Jorgensen destacou que a crise será prolongada e que os preços devem permanecer elevados por muito tempo, alertando que a situação com alguns produtos "críticos" pode se deteriorar.
O oficial reiterou que as opções em avaliação incluem racionamento de combustível e liberação de mais petróleo das reservas de emergência.
"Certamente, nossa análise aponta que essa será uma situação prolongada e os países precisam ter certeza de que… dispõem do que precisam", declarou.
Questionado sobre a possibilidade de alterar normas para liberar mais petróleo no mercado europeu, Jorgensen respondeu que "ainda não chegamos ao ponto de ter corrigido ou alterado nenhuma das nossas regras atuais".

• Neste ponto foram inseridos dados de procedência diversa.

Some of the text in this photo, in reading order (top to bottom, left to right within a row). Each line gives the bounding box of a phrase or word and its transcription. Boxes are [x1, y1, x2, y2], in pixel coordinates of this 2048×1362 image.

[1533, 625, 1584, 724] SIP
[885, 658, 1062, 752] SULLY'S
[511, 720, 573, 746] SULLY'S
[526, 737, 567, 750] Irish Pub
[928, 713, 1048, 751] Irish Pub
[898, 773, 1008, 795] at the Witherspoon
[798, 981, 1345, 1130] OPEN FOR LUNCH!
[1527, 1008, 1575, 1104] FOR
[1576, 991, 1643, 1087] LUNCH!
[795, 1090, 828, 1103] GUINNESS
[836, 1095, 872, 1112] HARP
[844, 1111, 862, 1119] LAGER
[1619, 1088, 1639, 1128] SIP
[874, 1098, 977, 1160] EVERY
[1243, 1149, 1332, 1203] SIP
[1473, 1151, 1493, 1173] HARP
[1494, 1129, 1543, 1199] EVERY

Uma mudança nesse sentido poderia permitir maior entrada de combustível norte-americano no mercado europeu. Atualmente, existem diferenças nas normas para combustível de aviação: enquanto o ponto de congelamento na Europa é de -47°C, nos EUA é de -40°C.

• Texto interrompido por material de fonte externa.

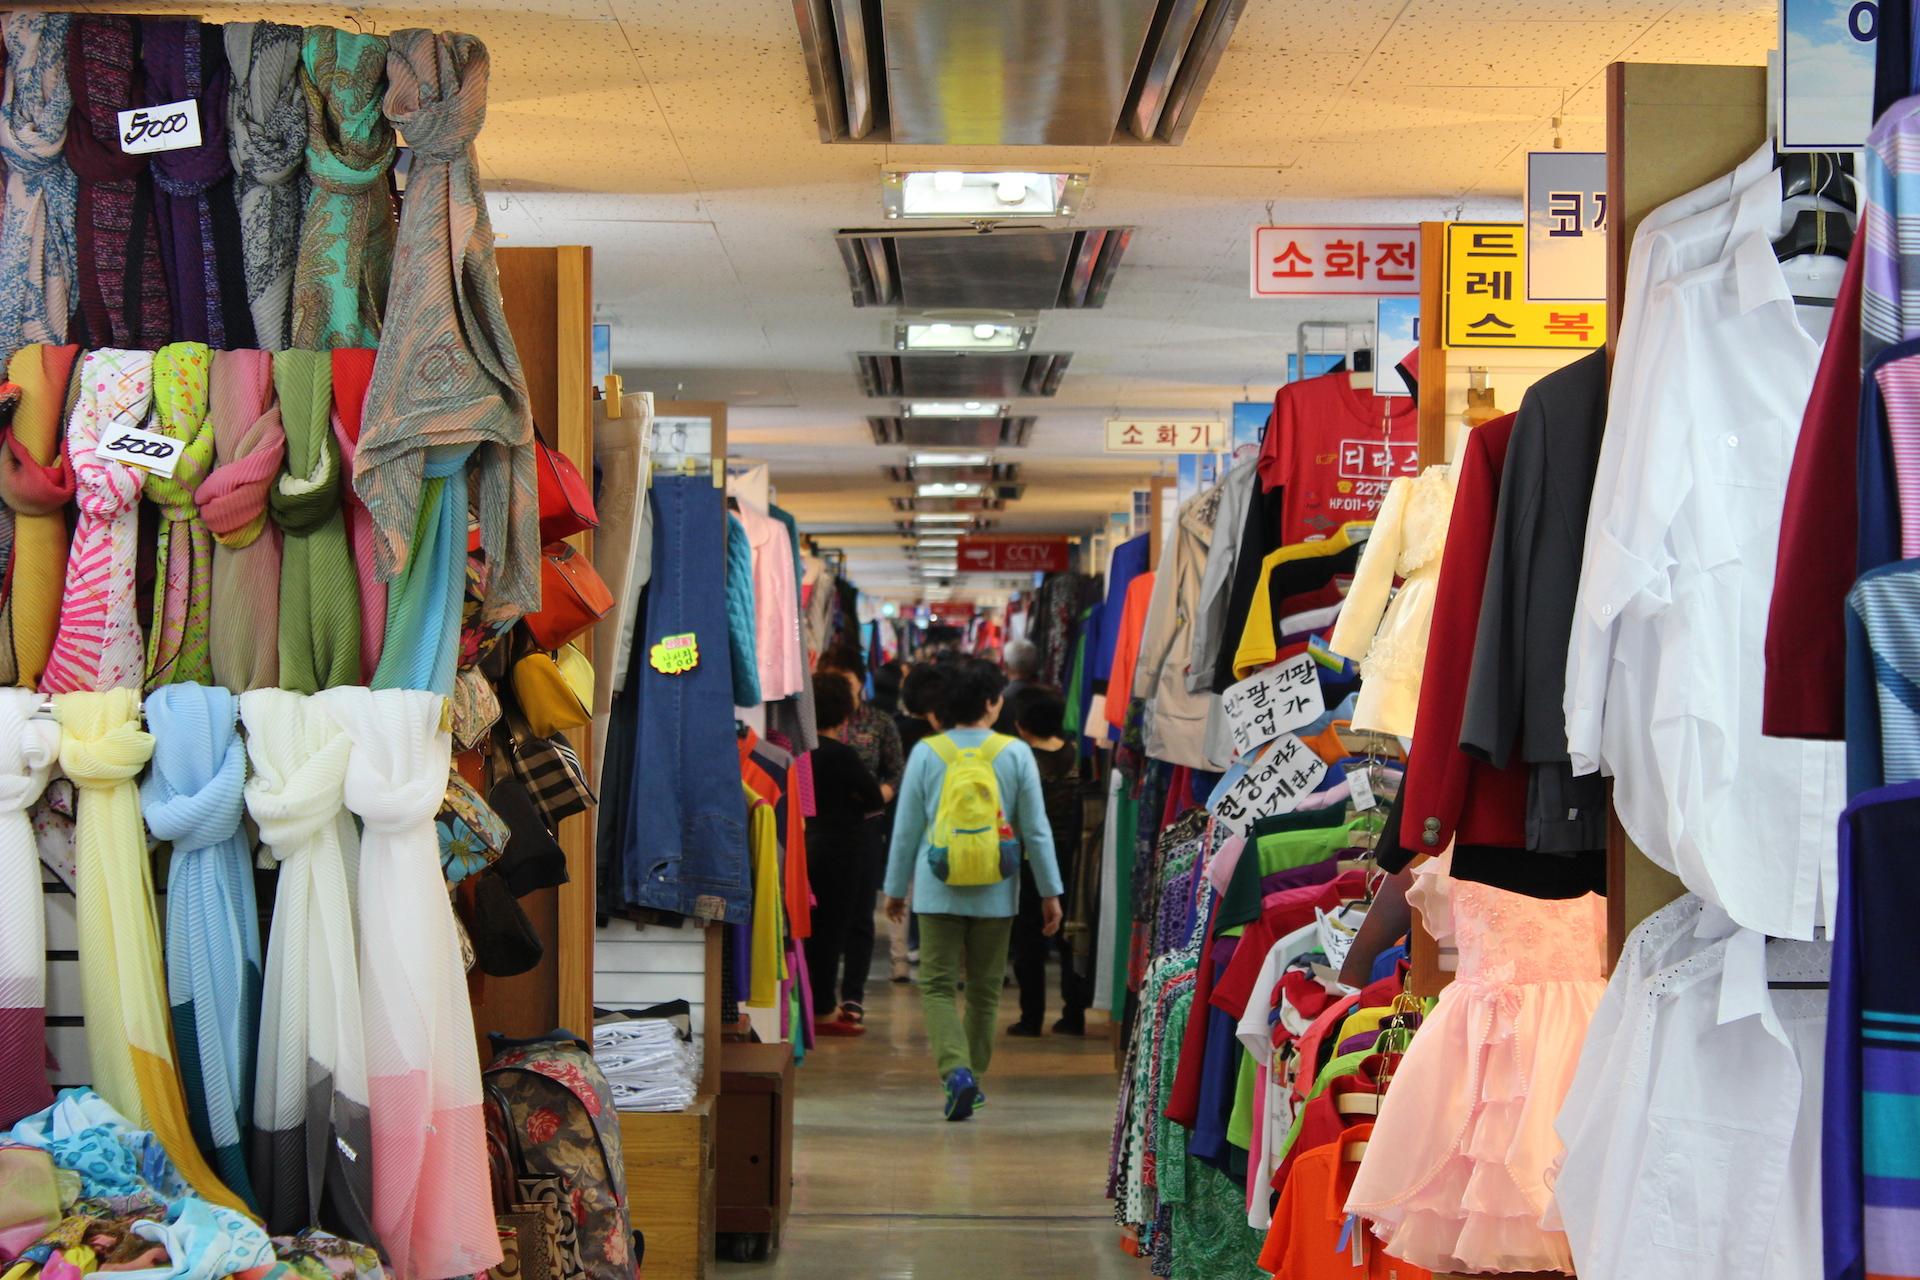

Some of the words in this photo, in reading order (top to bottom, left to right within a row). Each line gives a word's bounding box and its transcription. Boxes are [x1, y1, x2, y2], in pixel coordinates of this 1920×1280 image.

[1272, 239, 1415, 281] 소화전
[1466, 234, 1518, 338] 드레스
[106, 434, 174, 458] 5000
[1121, 424, 1210, 447] 소화기
[1006, 545, 1050, 560] CCTV

Apesar da crise de energia que o bloco europeu sofre, agravada pela guerra dos EUA e Israel contra o Irã, o comissário declarou que a decisão de bloquear importações de gás russo continuará inalterada.

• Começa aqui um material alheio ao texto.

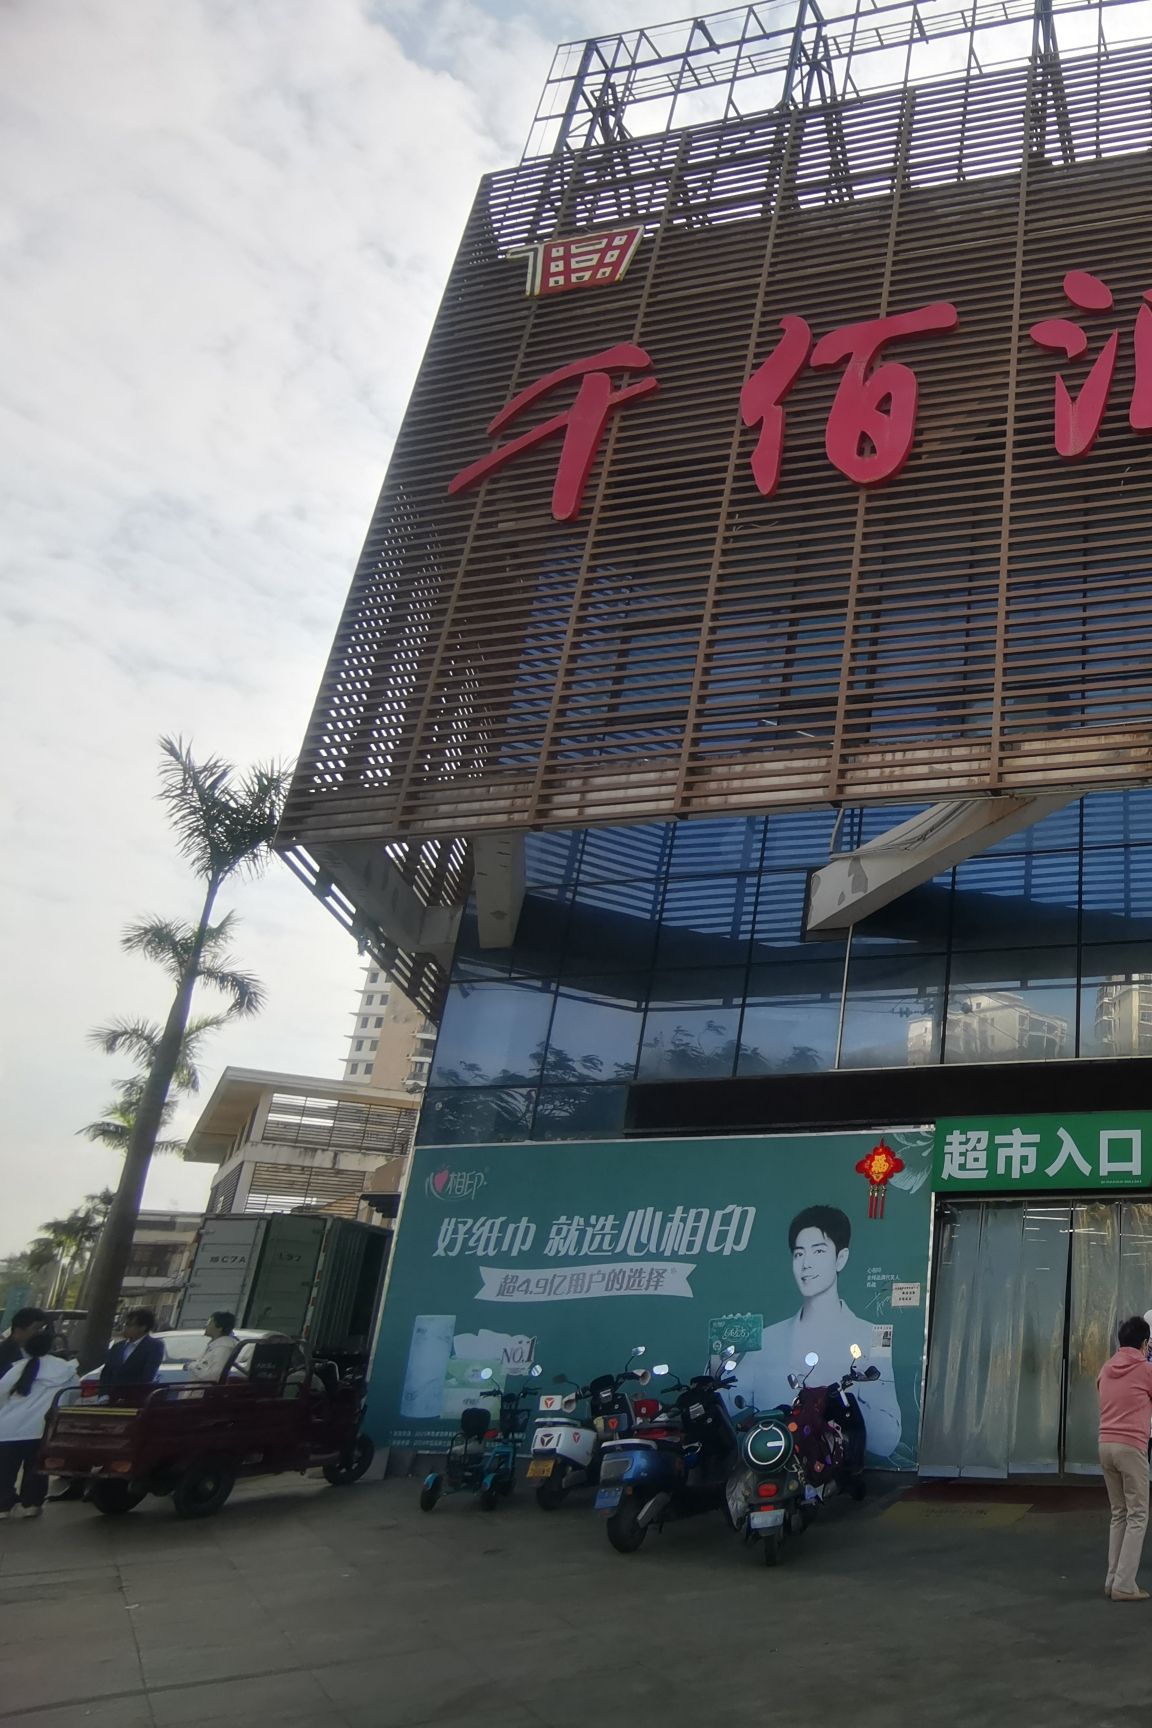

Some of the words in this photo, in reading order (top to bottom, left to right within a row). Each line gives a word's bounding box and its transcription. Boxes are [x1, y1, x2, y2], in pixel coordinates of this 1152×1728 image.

[941, 1127, 1141, 1180] 超市入口
[432, 1216, 536, 1257] 好纸巾
[544, 1204, 756, 1257] 就选心相印
[496, 1267, 668, 1299] 超4.9亿用户的选择

Fechado para navios inimigos
Após a agressão de EUA e Israel, o Irã bloqueou quase completamente o Estreito de Ormuz, que conecta o Golfo Pérsico ao de Omã, e anunciou que não sairia da região "nem uma única gota de petróleo" por mar, o que disparou os preços dos combustíveis.
O Corpo da Guarda Revolucionária Islâmica (CGRI) reiterou no último dia 11 de março que os navios dos EUA e de seus parceiros não podem atravessar o estreito.
O presidente dos EUA, Donald Trump, propôs criar uma coalizão naval para escoltar navios através dessa via. No entanto, vários dos países convidados — entre eles, os aliados dos EUA dentro da OTAN — descartaram o envio de forças militares para a zona do conflito.
Por sua vez, o ministro das Relações Exteriores iraniano, Abbas Araghchi, garantiu que a passagem segue aberta e que só está fechada para os navios dos países inimigos. "A alguns países que consideramos amigos, permitimos a passagem pelo Estreito de Ormuz. Permitimos a passagem para a China, Rússia, Índia, Iraque e Paquistão", afirmou o chanceler. Segundo explicou, não há razão para permitir que seus inimigos transitem pela zona.